(Spatial localization data)
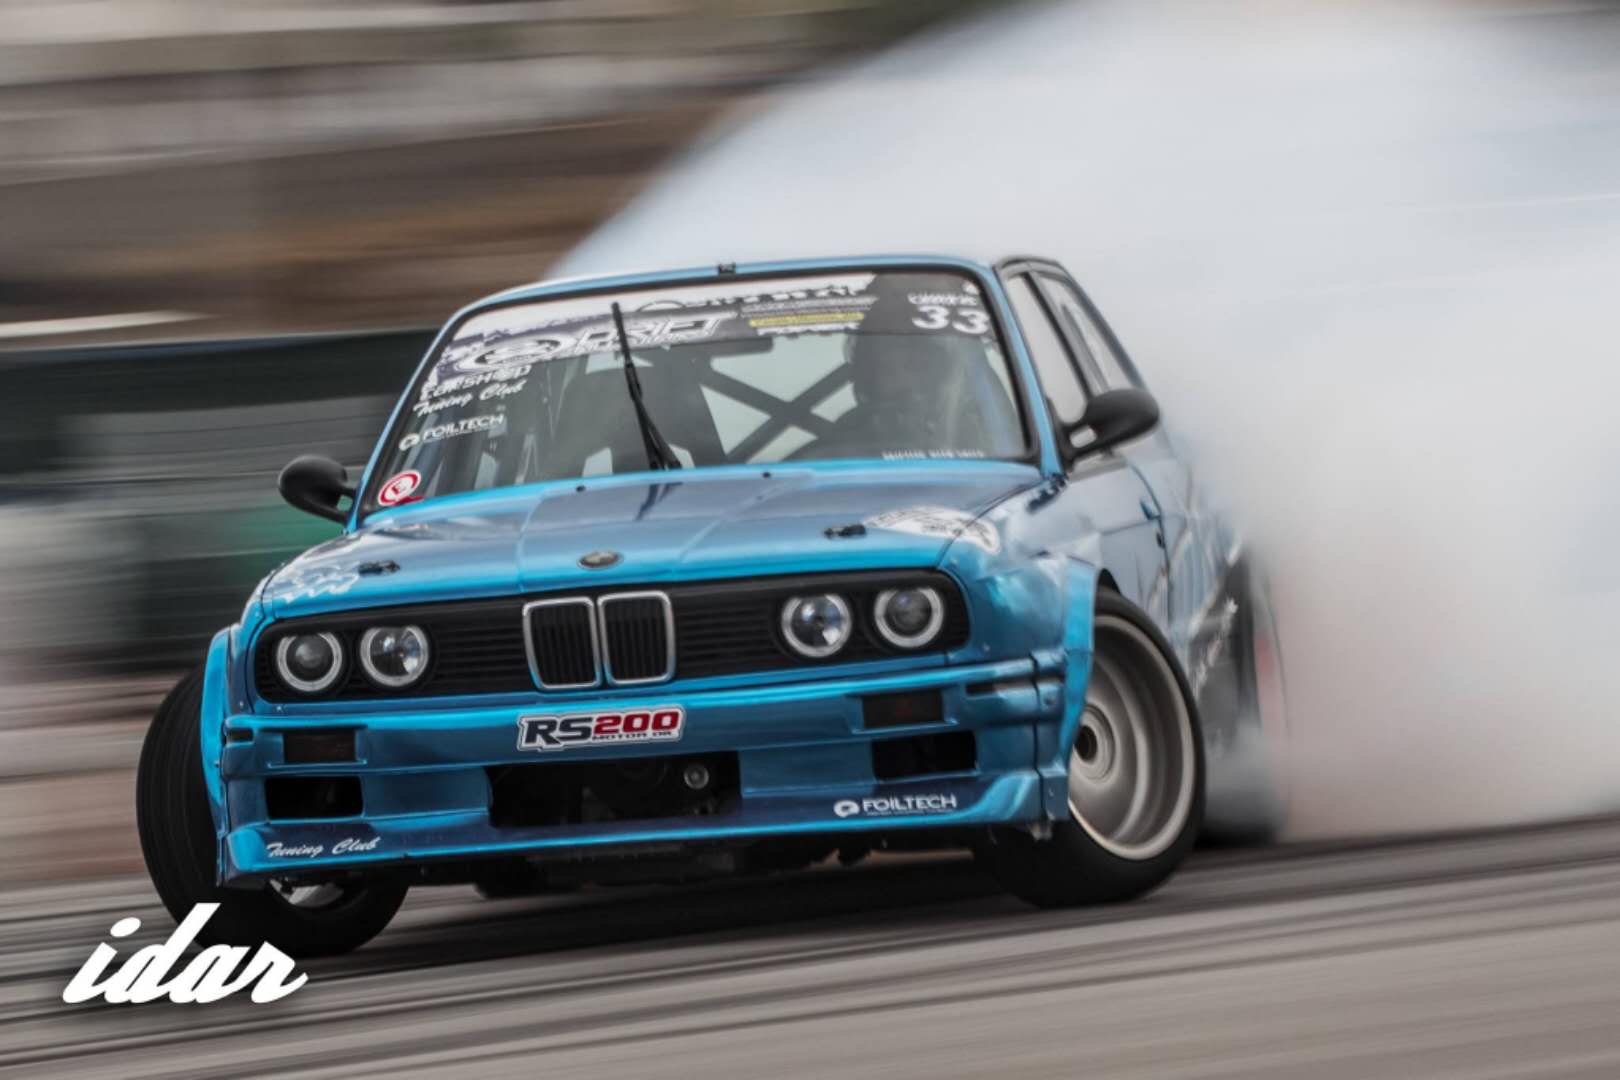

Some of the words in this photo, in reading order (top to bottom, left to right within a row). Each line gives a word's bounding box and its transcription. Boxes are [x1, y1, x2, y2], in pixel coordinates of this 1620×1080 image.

[911, 305, 990, 335] 33
[423, 414, 504, 440] FOILTECH
[524, 711, 679, 745] RS200
[862, 793, 957, 812] FOILTECH
[266, 841, 324, 858] Tuning
[332, 836, 381, 855] Club

● Work to be completed: Write out the data in full and exactly as given, though without the images.

● Result:
Some of the words in this photo, in reading order (top to bottom, left to right within a row). Each line gives a word's bounding box and its transcription. Boxes are [x1, y1, x2, y2], in pixel coordinates of this 1620×1080 image.

[911, 305, 990, 335] 33
[423, 414, 504, 440] FOILTECH
[524, 711, 679, 745] RS200
[862, 793, 957, 812] FOILTECH
[266, 841, 324, 858] Tuning
[332, 836, 381, 855] Club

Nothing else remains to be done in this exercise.